Then that reluctant homage stirred new hate,
And gave rebellion an intenser will.

But soon this inward strife the slow-paced hours
Slackened; and the soul sank with hunger-pangs,
Hunger of love. Debate was swept right down
By certainty of loss intolerable.
A little loss! only a dark-tressed maid
Who had no heritage save her beauteous being!
But in the candour of her virgin eyes
Saying, I love; and in the mystic charm
Of her dear presence, Silva found a heaven
Where faith and hope were drowned as stars in day.
Fedalma there, each momentary Now
Seemed a whole blest existence, a full cup
That, flowing over, asked no pouring hand
From past to future. All the world was hers.
Splendour was but the herald trumpet-note
Of her imperial coming: penury
Vanished before her as before a gem,
The pledge of treasuries. Fedalma there,
He thought all loveliness was lovelier,
She crowning it: all goodness credible,
Because of that great trust her goodness bred.
For the strong current of the passionate love
Which urged his life tow'rd hers, like urgent floods
That hurry through the various-mingled earth,
Carried within its stream all qualities
Of what it penetrated, and made love
Only another name, as Silva was,
For the whole man that breathed within his frame
And she was gone. Well, goddesses will go;
But for a noble there were mortals left
Shaped just like goddesses — O hateful sweet!
O impudent pleasures that should dare to front
With vulgar visage memories divine!
The noble's birthright of miraculous will
Turning I would to must be , spurning all
Offered as substitute for what it chose,
Tightened and fixed in strain irrevocable
The passionate selection of that love
Which came not first but as all-conquering last.
Great Love has many attributes, and shrines
For varied worship, but his force divine
Shows most its many-named fulness in the man
Whose nature multitudinously mixed —
Each ardent impulse grappling with a thought —
Resists all easy gladness, all content
Save mystic rapture, where the questioning soul
Flooded with consciousness of good that is
Finds life one bounteous answer.
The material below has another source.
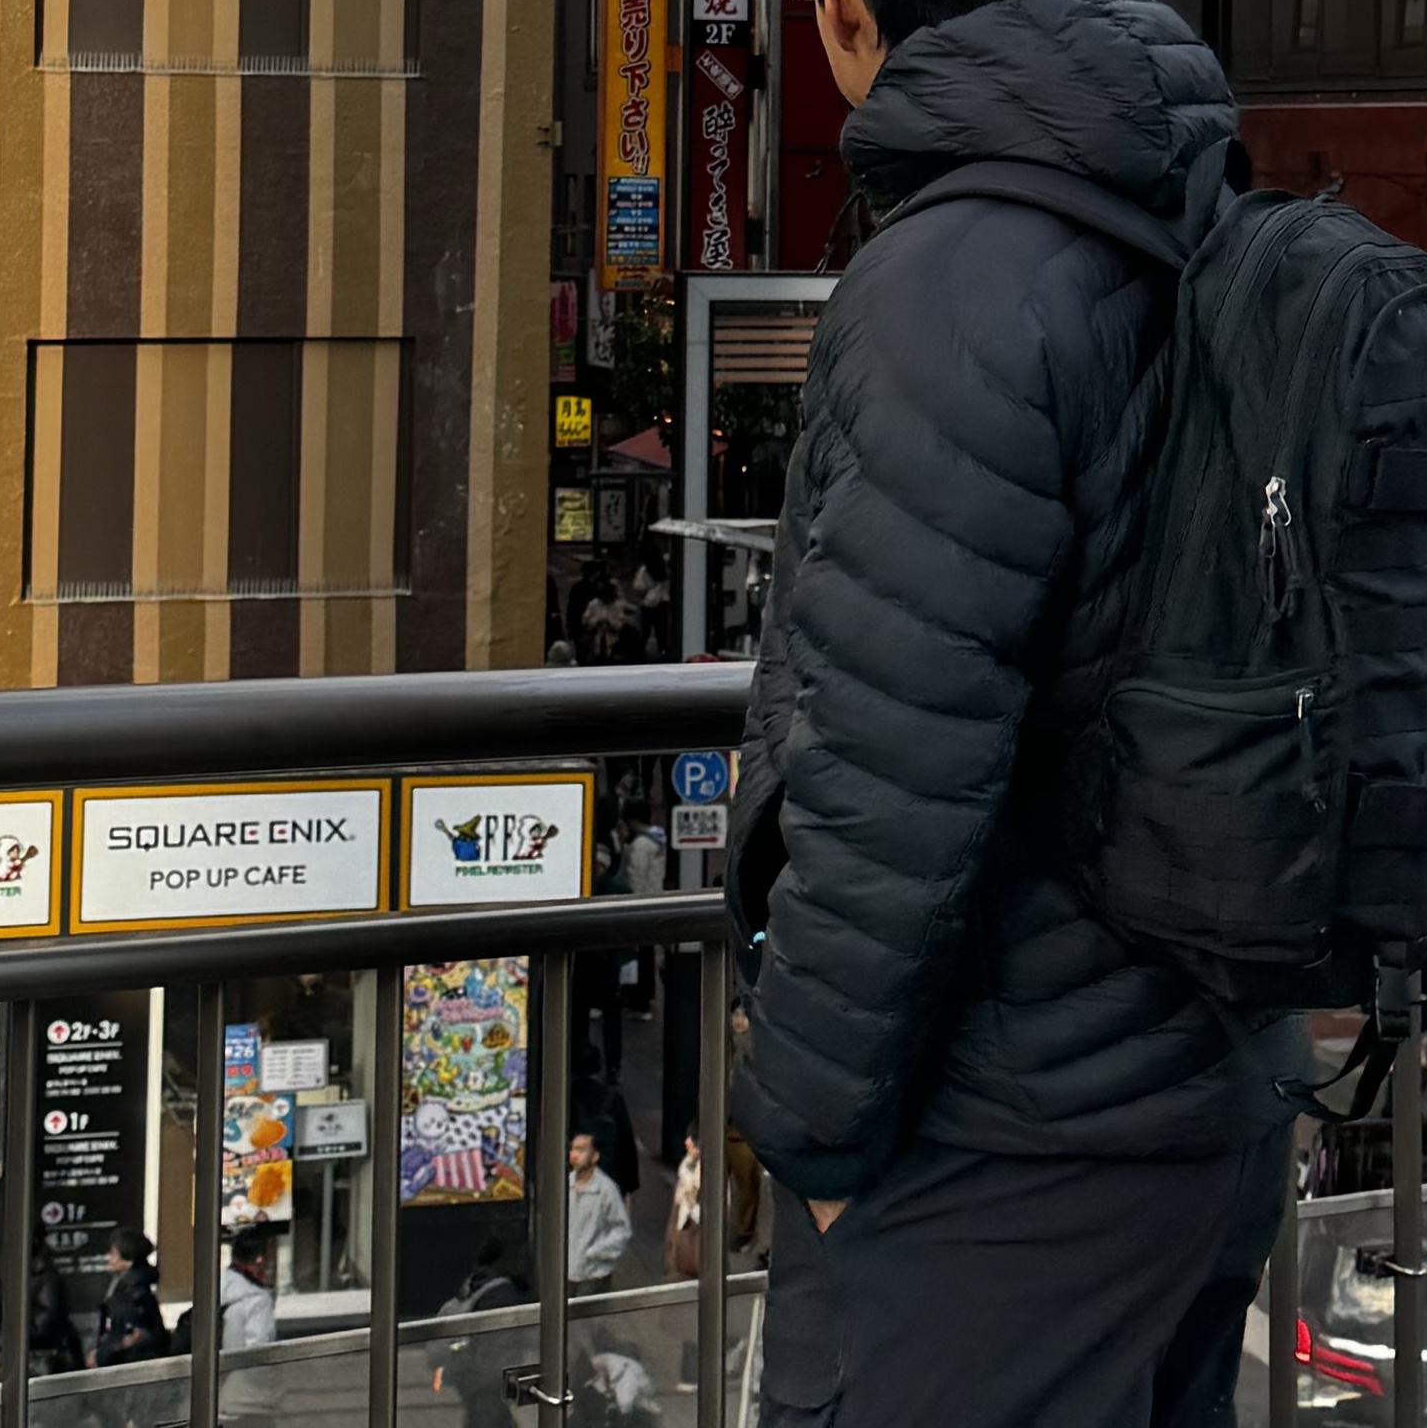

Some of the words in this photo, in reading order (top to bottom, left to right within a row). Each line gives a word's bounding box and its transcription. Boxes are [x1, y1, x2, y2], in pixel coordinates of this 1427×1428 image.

So it was
In Silva's nature, Love had mastery there,
Not as a holiday ruler, but as one
Who quells a tumult in a day of dread,
A welcomed despot.
O all comforters,
All soothing things that bring mild ecstasy
Came with her coming, in her presence lived.
Spring afternoons, when delicate shadows fall
Pencilled upon the grass; high summer morns
When white light rains upon the quiet sea
And corn-fields flush with ripeness; odours soft —
Dumb vagrant bliss that seems to seek a home
And find it deep within, 'mid stirrings vague
Of far-off moments when our life was fresh;
All sweetly-tempered music, gentle change
Of sound, form, colour, as on wide lagoons
At sunset when from black far-floating prows
Comes a clear wafted song; all exquisite joy
Of a subdued desire, like some strong stream
Made placid in the fulness of a lake —
All came with her sweet presence, for she brought
The love supreme which gathers to its realm
All powers of loving. Subtle nature's hand
Waked with a touch the far-linked harmonies
In her own manifold work. Fedalma there,
Fastidiousness became the prelude fine
For full contentment; and young melancholy,
Lost for its origin, seemed but the pain
Of waiting for that perfect happiness.
The happiness was gone!
He sate alone,
Hating companionship that was not hers;
Felt bruised with hopeless longing; drank, as wine,
Illusions of what had been, would have been;
Weary with anger and a strained resolve,
Sought passive happiness in waking dreams.
It has been so with rulers, emperors,
Nay, sages who held secrets of great Time,
Sharing his hoary and beneficent life —
Men who sate throned among the multitudes —
They have sore sickened at the loss of one.
Silva sat lonely in her chamber, leaned
Where she had leaned, to feel the evening breath
Shed from the orange trees; when suddenly
His grief was echoed in a sad young voice
Far and yet near, brought by airial wings.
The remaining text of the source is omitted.